Text-to-region grounding data >>
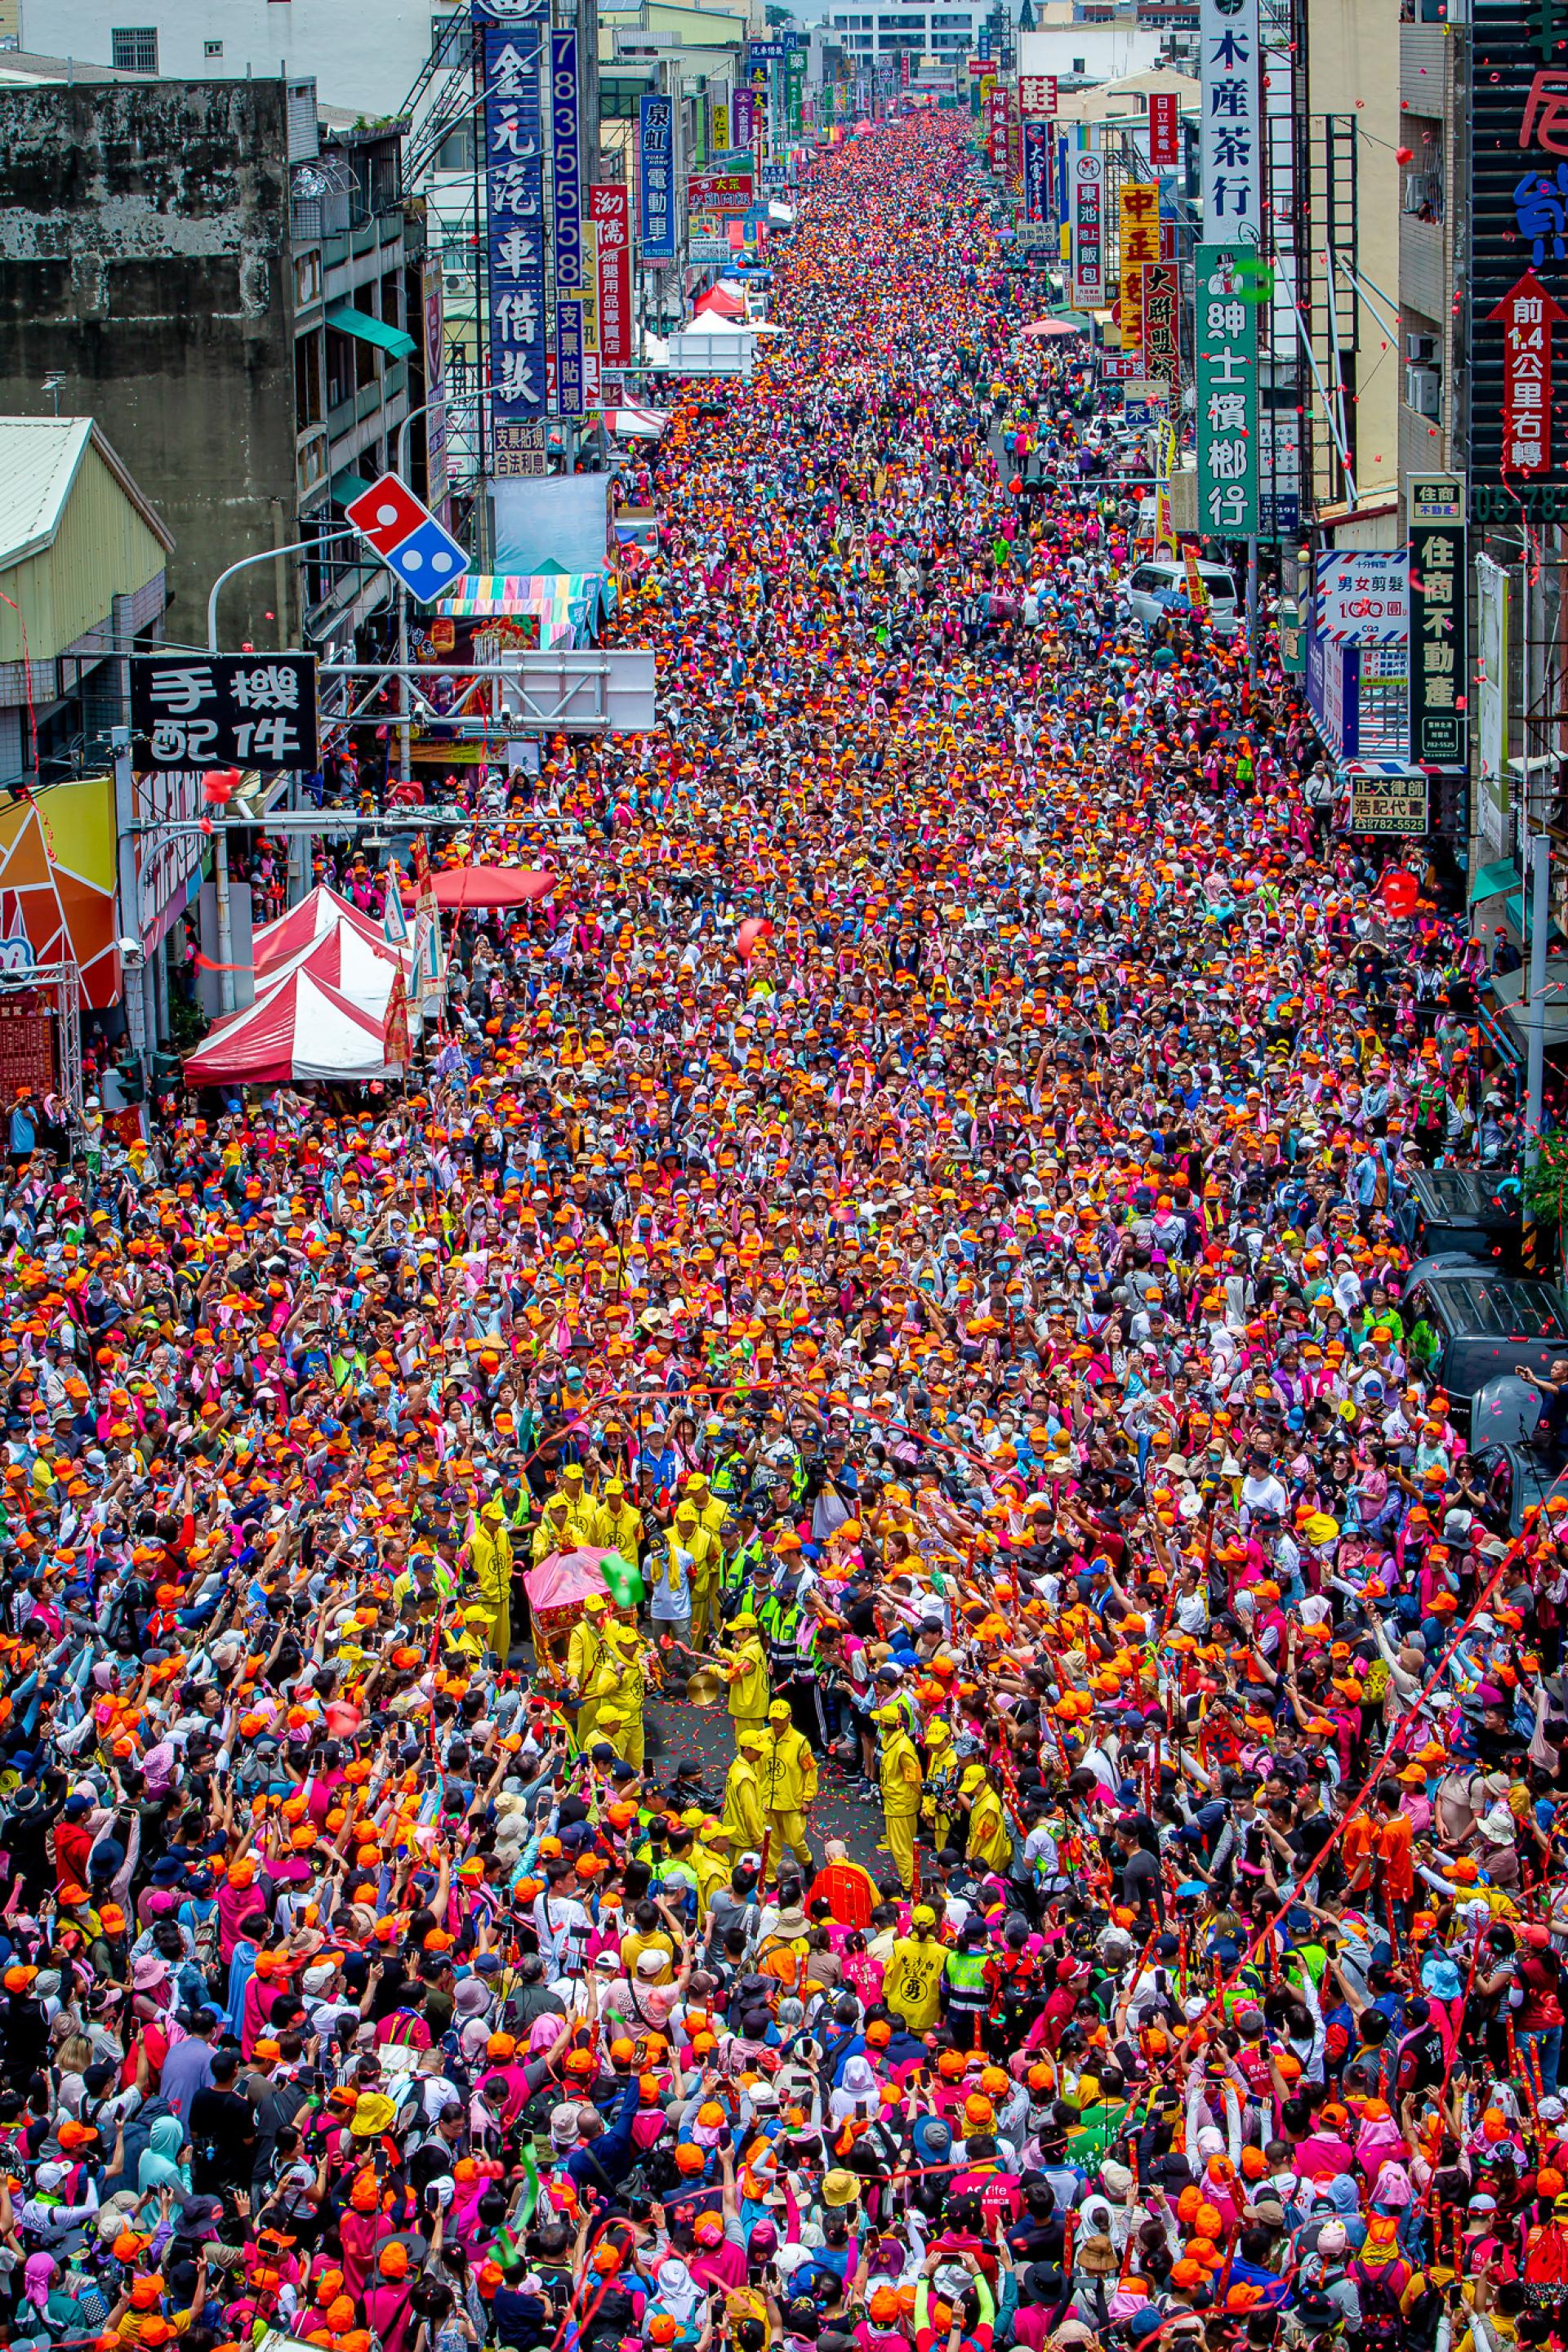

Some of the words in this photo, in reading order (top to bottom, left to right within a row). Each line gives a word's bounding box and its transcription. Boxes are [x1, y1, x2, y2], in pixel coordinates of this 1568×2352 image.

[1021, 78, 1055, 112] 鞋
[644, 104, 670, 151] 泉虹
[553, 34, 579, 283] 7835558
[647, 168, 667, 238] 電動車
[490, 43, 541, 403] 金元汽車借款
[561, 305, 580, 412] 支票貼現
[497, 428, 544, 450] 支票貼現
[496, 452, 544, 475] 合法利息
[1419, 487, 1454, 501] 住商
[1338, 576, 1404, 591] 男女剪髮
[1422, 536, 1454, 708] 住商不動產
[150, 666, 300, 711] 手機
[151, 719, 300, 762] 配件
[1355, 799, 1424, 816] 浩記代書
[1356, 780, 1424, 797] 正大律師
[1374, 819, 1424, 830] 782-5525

Your instructions >> Please write out all the data again word for word, but not the pictures.

Answer section >>
Some of the words in this photo, in reading order (top to bottom, left to right within a row). Each line gives a word's bounding box and its transcription. Boxes are [x1, y1, x2, y2], in pixel coordinates of this 1568×2352 image.

[1021, 78, 1055, 112] 鞋
[644, 104, 670, 151] 泉虹
[553, 34, 579, 283] 7835558
[647, 168, 667, 238] 電動車
[490, 43, 541, 403] 金元汽車借款
[561, 305, 580, 412] 支票貼現
[497, 428, 544, 450] 支票貼現
[496, 452, 544, 475] 合法利息
[1419, 487, 1454, 501] 住商
[1338, 576, 1404, 591] 男女剪髮
[1422, 536, 1454, 708] 住商不動產
[150, 666, 300, 711] 手機
[151, 719, 300, 762] 配件
[1355, 799, 1424, 816] 浩記代書
[1356, 780, 1424, 797] 正大律師
[1374, 819, 1424, 830] 782-5525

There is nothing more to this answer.